For the newly formed Radbahn Berlin team, it made sense to study the cycling infrastructure in Denmark’s capital for inspiration, as Copenhagen continues to claim the number one spot on the Copenhagenize Index year after year. Though Berlin is quickly advancing in the rankings, the German hauptstadt still requires years of civic development before it can compete with other top-ranked cycling cities like Amsterdam, Strasbourg, and Antwerp.
To that end, Heskamp sees the Radbahn as an experiment that will set a strong precedence for urban planning and transportation innovation in cities across the globe. “The rapid development of mobility issues will lead to a revolution in the next 30 years,” he notes. “Not only as a consequence of climate change, but also a change in values.”
Capitalizing on Berlin’s resurgent interest in green initiatives in recent years, paper planes e.V. presented their idea to the Berlin Senate in May 2017 in hopes of securing a government study to test the project’s feasibility. Despite earning praise and approval for study from the city council, project Radbahn has yet to receive any federal funding, with parsimonious skeptics citing the project’s 13 million Euro cost—to say nothing of the impact on motorized traffic—as a major consideration.
Even with the steep cost, Mela estimates that 80 percent of the infrastructure for the proposed Radbahn is already in place. “Some sections would require repaving,” he says, specifically in sections where diverting traffic and bridge crossovers are required, “but the groundwork has already been done. With minor modifications it could be converted into a bike lane.”

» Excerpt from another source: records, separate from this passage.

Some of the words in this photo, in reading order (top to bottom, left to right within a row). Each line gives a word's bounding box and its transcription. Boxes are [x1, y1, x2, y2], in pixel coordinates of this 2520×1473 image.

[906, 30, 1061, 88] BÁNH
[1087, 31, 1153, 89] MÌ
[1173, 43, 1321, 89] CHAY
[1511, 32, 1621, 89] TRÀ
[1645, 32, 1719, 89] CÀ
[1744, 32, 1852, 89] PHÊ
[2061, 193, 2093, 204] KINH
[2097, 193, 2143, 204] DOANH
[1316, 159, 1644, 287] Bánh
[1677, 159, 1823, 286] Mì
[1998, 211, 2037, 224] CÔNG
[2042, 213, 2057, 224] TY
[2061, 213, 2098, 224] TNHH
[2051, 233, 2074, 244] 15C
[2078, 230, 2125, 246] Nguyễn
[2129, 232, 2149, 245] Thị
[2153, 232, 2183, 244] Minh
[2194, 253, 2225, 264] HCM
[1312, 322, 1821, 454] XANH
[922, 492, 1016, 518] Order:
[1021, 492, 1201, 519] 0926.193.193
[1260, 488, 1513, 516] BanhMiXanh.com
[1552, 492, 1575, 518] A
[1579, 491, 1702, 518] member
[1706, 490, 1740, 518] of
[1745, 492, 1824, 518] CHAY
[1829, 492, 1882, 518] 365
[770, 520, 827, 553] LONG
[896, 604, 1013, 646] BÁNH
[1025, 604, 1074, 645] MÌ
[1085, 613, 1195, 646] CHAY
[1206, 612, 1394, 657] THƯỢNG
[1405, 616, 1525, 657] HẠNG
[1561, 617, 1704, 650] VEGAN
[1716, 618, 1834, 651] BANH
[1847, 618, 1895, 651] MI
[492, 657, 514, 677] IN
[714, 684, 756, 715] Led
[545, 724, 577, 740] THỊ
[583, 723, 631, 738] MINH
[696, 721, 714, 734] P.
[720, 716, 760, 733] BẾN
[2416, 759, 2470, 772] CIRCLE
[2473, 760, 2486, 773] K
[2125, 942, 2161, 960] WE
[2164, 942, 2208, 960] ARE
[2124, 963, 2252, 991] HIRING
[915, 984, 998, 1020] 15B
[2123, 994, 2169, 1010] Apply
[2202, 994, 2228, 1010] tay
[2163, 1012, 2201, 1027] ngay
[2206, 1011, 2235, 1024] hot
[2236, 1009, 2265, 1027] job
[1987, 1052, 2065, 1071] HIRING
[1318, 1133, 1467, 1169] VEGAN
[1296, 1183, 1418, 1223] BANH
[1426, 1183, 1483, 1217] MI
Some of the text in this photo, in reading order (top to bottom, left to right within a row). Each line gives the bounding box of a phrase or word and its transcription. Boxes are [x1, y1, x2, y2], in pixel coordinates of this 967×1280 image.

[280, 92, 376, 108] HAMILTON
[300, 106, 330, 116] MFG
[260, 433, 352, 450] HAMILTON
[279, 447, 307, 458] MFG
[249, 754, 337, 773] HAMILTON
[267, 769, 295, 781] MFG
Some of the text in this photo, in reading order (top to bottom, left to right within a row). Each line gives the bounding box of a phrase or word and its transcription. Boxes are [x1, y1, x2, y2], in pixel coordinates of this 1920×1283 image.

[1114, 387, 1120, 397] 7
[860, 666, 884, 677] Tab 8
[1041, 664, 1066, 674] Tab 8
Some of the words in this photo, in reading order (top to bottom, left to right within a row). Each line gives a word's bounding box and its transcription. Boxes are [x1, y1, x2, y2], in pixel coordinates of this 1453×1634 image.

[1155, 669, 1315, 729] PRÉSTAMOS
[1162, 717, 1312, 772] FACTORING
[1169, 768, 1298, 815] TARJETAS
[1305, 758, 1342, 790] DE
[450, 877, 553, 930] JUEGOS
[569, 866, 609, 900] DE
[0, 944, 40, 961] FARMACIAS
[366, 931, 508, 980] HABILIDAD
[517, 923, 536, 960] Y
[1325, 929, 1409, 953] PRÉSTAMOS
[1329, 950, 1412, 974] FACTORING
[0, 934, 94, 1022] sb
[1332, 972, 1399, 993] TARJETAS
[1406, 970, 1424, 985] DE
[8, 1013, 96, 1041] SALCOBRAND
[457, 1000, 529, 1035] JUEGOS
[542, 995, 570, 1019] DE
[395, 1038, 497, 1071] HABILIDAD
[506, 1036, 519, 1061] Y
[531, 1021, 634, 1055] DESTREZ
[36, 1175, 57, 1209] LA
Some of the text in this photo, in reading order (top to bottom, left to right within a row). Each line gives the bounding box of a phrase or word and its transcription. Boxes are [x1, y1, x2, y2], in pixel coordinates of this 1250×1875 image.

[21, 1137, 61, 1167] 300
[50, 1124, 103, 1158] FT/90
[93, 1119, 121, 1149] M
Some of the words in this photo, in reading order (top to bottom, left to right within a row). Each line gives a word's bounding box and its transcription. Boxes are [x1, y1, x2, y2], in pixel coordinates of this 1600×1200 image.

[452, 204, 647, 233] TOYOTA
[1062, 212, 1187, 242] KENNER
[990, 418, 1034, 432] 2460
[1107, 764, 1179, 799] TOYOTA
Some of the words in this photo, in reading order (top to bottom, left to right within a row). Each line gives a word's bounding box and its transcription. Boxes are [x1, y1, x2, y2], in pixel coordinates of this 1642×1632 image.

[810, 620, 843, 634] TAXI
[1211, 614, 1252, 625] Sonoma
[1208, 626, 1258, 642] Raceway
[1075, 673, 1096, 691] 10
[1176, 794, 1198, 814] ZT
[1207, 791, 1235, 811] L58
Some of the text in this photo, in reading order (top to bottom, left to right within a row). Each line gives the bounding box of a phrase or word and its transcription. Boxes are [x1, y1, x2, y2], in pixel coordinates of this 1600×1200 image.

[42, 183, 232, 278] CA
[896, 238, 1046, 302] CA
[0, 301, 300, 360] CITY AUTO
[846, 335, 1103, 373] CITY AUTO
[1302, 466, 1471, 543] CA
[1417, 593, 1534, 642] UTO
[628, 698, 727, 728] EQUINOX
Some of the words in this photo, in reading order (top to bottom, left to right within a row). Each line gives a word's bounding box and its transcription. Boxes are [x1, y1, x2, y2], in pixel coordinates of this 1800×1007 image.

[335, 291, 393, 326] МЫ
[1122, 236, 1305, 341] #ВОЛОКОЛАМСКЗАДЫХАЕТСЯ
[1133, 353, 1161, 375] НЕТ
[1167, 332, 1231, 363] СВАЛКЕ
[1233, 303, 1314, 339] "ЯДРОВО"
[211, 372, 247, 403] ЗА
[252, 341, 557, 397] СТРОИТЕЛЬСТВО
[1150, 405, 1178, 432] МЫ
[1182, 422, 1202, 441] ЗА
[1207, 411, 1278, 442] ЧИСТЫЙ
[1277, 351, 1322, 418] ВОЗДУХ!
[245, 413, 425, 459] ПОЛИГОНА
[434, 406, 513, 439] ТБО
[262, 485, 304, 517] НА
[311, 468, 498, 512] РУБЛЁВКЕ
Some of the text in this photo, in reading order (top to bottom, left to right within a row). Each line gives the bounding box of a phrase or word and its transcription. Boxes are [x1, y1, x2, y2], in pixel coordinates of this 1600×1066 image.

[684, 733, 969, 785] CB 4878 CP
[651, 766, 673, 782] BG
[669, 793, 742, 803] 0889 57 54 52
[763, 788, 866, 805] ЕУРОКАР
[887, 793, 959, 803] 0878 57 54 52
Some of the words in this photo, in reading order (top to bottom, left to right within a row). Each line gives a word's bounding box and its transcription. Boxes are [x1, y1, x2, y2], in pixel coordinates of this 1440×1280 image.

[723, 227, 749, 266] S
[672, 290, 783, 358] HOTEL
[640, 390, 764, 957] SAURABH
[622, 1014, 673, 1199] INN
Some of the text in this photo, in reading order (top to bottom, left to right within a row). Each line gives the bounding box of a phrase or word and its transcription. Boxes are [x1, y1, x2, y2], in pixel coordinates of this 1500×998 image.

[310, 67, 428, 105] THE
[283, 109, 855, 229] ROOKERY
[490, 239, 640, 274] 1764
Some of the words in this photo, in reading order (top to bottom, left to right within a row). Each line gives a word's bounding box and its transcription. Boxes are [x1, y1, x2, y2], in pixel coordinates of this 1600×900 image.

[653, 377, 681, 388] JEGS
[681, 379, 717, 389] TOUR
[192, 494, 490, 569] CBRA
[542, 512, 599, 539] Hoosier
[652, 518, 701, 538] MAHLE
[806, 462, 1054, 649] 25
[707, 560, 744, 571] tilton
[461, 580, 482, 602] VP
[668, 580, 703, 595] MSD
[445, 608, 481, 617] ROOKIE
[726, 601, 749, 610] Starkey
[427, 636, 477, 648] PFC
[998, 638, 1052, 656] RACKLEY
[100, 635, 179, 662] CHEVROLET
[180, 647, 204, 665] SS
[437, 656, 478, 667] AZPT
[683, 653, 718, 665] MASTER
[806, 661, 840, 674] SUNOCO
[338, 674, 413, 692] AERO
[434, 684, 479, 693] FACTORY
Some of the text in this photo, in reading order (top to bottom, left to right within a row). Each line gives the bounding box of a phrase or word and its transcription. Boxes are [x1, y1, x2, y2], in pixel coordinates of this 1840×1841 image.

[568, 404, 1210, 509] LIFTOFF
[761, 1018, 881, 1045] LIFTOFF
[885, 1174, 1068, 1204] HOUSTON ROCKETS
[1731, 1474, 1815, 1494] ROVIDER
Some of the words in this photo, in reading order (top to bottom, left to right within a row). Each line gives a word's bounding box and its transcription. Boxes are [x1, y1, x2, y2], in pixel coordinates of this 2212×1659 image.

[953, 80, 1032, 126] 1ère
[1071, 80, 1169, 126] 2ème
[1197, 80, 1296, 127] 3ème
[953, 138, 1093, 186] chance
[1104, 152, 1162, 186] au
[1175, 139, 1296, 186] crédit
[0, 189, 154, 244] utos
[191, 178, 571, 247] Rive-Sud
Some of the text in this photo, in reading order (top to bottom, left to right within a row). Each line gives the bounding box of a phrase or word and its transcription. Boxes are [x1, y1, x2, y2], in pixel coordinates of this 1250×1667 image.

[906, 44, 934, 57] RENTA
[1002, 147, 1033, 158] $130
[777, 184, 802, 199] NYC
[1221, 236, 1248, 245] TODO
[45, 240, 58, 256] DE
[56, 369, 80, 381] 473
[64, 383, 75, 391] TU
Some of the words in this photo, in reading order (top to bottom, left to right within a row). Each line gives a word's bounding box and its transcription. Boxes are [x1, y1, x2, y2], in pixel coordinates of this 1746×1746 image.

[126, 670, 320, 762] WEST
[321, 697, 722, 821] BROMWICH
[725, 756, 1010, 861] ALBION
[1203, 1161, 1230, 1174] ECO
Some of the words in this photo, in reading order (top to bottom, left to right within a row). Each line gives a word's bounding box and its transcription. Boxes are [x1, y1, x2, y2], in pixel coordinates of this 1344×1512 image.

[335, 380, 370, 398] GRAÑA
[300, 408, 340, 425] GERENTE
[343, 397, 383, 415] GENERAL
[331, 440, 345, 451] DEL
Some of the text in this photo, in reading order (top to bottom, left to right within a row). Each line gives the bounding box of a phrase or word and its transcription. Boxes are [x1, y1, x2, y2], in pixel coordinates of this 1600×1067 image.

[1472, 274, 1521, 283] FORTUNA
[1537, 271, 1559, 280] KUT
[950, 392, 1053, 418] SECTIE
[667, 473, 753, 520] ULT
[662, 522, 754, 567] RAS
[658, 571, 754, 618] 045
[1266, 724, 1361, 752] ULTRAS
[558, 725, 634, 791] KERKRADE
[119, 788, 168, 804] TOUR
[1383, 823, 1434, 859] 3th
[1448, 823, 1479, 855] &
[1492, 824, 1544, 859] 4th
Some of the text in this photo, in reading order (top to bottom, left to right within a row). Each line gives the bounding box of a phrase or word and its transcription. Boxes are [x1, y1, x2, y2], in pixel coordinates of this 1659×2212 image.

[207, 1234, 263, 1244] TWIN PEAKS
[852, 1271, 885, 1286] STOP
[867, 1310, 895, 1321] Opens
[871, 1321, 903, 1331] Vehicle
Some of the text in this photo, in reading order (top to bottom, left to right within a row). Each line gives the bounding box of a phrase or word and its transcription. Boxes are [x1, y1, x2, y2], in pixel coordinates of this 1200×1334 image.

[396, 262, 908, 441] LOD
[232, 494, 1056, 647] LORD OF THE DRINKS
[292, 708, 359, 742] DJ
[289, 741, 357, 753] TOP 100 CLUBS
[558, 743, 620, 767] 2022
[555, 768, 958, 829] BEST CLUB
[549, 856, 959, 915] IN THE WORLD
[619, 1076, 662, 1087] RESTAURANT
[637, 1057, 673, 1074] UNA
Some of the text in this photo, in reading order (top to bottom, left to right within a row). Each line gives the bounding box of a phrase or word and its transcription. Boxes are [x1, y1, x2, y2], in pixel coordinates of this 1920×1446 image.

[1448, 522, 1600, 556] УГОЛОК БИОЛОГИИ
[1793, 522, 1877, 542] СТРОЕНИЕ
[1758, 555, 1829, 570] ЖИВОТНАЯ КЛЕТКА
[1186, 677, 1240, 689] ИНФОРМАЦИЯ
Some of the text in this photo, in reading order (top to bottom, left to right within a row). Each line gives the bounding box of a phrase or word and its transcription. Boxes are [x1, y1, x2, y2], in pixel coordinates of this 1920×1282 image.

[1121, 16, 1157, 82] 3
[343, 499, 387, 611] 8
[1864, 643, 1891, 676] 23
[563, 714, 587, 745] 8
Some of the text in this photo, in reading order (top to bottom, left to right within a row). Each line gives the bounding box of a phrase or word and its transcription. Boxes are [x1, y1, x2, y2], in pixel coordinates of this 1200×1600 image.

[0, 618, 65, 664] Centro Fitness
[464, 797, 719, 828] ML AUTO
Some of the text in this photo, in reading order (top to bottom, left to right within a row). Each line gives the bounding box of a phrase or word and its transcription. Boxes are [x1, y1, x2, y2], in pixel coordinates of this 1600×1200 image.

Thanks to its eco-conscious design, some of the Radbahn’s most promising features go well beyond protecting cyclists from rain and snow during their journey. The project designers also plan on incorporating various cafes, food truck stops, e-bike charging stations, beer gardens, and free service stations along the path for public use, transforming the area surrounding the bicycle route into a sprawling urban space that encourages leisurely activities and a more holistic cycling lifestyle across the city.
Additionally, Heskamp sees the Radbahn as the ideal space for testing other public works projects, including smarter traffic management. “We want to stop cyclists from racing and then waiting at the next traffic light,” he says. Instead, overhead displays inform cyclists of the optimal riding speed in order to keep hitting green lights at every intersection. In between these displays the design team wants to integrate an energy-harvesting technology that collects and stores electricity generated from bicycles rolling over pressure-sensitive pavement to power the overhead U1 train.
Though the Radbahn holds considerable promise for the future of urban mobility in Berlin, concerns over traffic interference as well as logistical construction constraints have considerably slowed the project’s momentum. With tentative plans to build a temporary showcase of Radbahn in 2019, the project team aims to boost public awareness and support in the interim so that their vision for a future-oriented cycling landmark in Berlin can be fully realized and enjoyed by all.